→ TASK STATEMENT
Would you please repeat the lines in the listing below from the one containing "Some of the words" through the final one, exactly as they appear?

→ SUPPLIED RECORDS

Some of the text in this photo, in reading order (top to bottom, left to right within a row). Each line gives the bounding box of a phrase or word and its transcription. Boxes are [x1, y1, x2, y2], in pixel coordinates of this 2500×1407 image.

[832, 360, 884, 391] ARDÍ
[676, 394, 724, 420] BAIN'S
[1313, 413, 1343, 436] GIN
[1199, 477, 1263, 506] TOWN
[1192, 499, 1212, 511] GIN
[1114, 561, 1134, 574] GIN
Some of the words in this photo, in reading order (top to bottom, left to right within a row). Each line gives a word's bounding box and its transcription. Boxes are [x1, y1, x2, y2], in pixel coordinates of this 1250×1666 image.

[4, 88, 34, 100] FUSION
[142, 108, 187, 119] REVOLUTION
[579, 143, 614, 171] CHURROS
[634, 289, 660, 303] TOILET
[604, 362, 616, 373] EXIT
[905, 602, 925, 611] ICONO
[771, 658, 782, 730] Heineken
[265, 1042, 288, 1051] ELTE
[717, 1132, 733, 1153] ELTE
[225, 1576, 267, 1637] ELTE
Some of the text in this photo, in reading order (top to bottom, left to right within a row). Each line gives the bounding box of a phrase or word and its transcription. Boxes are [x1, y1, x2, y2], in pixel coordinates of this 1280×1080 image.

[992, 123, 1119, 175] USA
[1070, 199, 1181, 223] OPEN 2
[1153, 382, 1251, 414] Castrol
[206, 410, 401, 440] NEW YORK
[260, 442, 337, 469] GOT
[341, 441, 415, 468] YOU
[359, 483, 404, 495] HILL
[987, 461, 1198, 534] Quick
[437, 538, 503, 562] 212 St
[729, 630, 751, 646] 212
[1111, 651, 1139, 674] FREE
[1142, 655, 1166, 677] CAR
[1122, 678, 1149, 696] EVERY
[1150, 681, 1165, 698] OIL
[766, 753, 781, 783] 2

→ EXERCISE OUTPUT
Some of the words in this photo, in reading order (top to bottom, left to right within a row). Each line gives a word's bounding box and its transcription. Boxes are [x1, y1, x2, y2], in pixel coordinates of this 1250×1666 image.

[4, 88, 34, 100] FUSION
[142, 108, 187, 119] REVOLUTION
[579, 143, 614, 171] CHURROS
[634, 289, 660, 303] TOILET
[604, 362, 616, 373] EXIT
[905, 602, 925, 611] ICONO
[771, 658, 782, 730] Heineken
[265, 1042, 288, 1051] ELTE
[717, 1132, 733, 1153] ELTE
[225, 1576, 267, 1637] ELTE
Some of the text in this photo, in reading order (top to bottom, left to right within a row). Each line gives the bounding box of a phrase or word and its transcription. Boxes are [x1, y1, x2, y2], in pixel coordinates of this 1280×1080 image.

[992, 123, 1119, 175] USA
[1070, 199, 1181, 223] OPEN 2
[1153, 382, 1251, 414] Castrol
[206, 410, 401, 440] NEW YORK
[260, 442, 337, 469] GOT
[341, 441, 415, 468] YOU
[359, 483, 404, 495] HILL
[987, 461, 1198, 534] Quick
[437, 538, 503, 562] 212 St
[729, 630, 751, 646] 212
[1111, 651, 1139, 674] FREE
[1142, 655, 1166, 677] CAR
[1122, 678, 1149, 696] EVERY
[1150, 681, 1165, 698] OIL
[766, 753, 781, 783] 2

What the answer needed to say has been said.